The Centers for Disease Control and Prevention keeps track of what people actually die from in the United States. In 2020, the CDC said the number one cause of death for people over the age of 65 in the US was heart disease, followed by cancer, COVID-19, cerebrovascular disease (which often leads to strokes), and Alzheimer's.

These "old age" fatalities are often quiet deaths, like what happens when you hear an older person's heart stopped in their sleep. That usually means the person had a heart attack in the middle of the night. Another example is if someone "had a bad fall, and it was just downhill from there." The person likely broke a hip, survived the surgery, but then got pneumonia and died as a result of their infection.

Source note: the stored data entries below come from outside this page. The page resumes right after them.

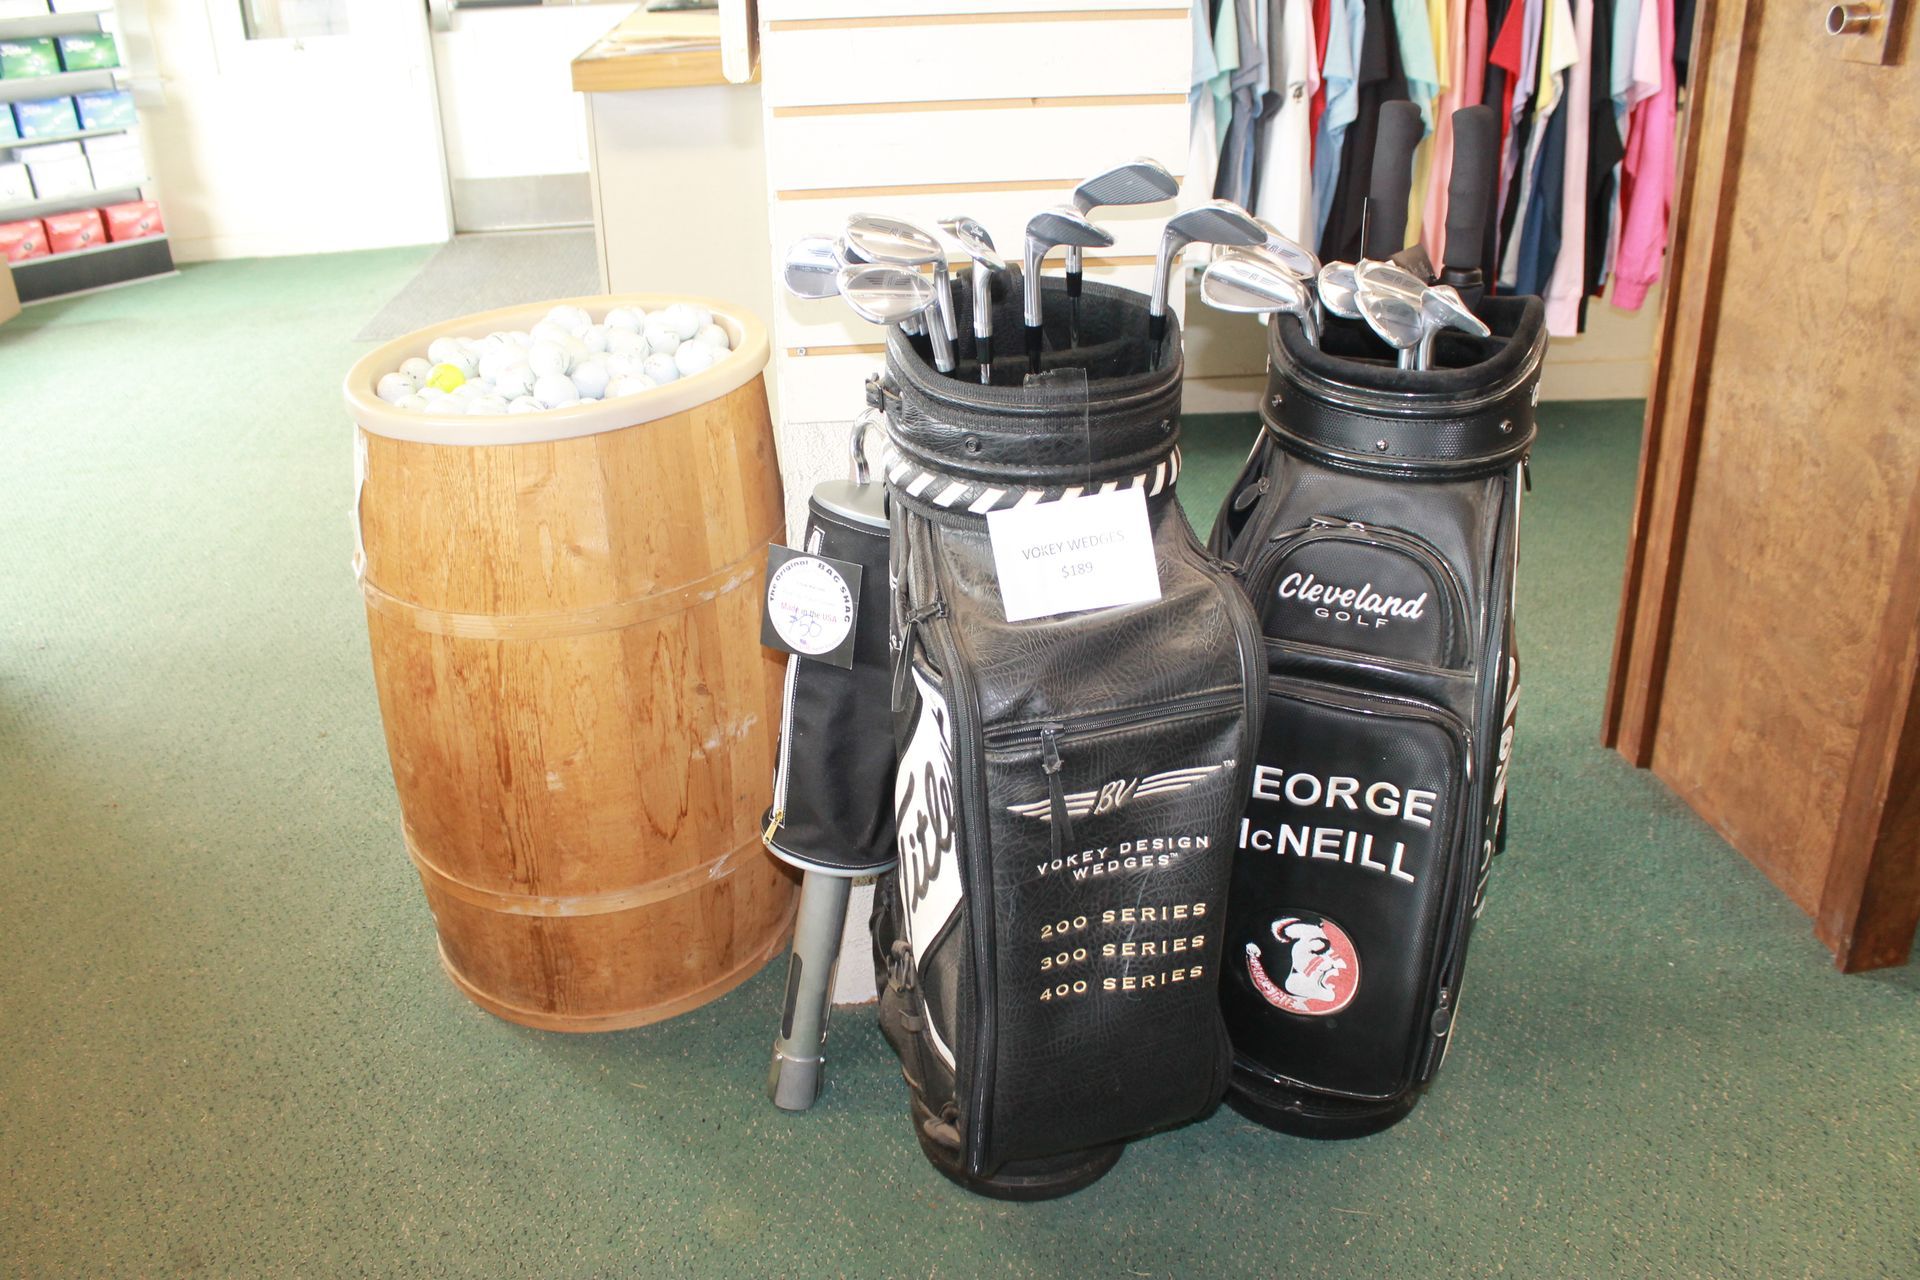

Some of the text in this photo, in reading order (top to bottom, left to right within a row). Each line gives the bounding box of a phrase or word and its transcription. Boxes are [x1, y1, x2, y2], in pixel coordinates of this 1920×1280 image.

[1022, 530, 1125, 560] VOKEY WEDGES
[1061, 561, 1093, 578] $189
[1278, 572, 1428, 620] Cleveland
[1315, 607, 1389, 628] GOLF
[1252, 764, 1437, 828] EORGE
[1037, 836, 1209, 875] VOKEY DESIGN
[1041, 903, 1206, 939] 200 SERIES
[1041, 935, 1205, 970] 300 SERIES
[1040, 966, 1203, 1001] 400 SERIES

Often, what claims the lives of older people can be an accumulation of things. Sometimes this is referred to as "geriatric failure to thrive," a kind of catchall phrase for elderly patients who may have a bunch of interrelated issues, including trouble with moving, eating, depression, and cognitive impairment.

Humans didn't always live reliably long enough to age. People used to die frequently long before their skin began to sag or their muscles began to wither, succumbing instead to diseases for which we now have vaccines, like tuberculosis or smallpox. Some people died from gastrointestinal infections, which can cause diarrhea. In many countries around the world, diarrhea is still a leading cause of death in kids, along with malaria, and pneumonia.

Somewhere around the 1950s (at least in the US, and other wealthy countries), we started living nearly twice as long as our ancestors had just a century before. We now spend a massive portion of our lives getting old before we die, though in recent years, life expectancy has been declining — a trend that started before the COVID-19 pandemic began.

What if we experienced aging without death as the final outcome—or didn't age at all? That's how some animals do it.

A 2014 study comparing the mortality rates of 46 different species found that some organisms don't age—their mortality rates stay constant from around the time they're born until around the time they die. Others enter a period of aging (like the kind most of us experience around age 65) and then come out of it, continuing their lives.

Some scientists think we can use this knowledge of the natural world to stop aging, or at least prolong human life.

For us, aging is real, and it is long. Fortunately, many older people can still live healthy, happy lives.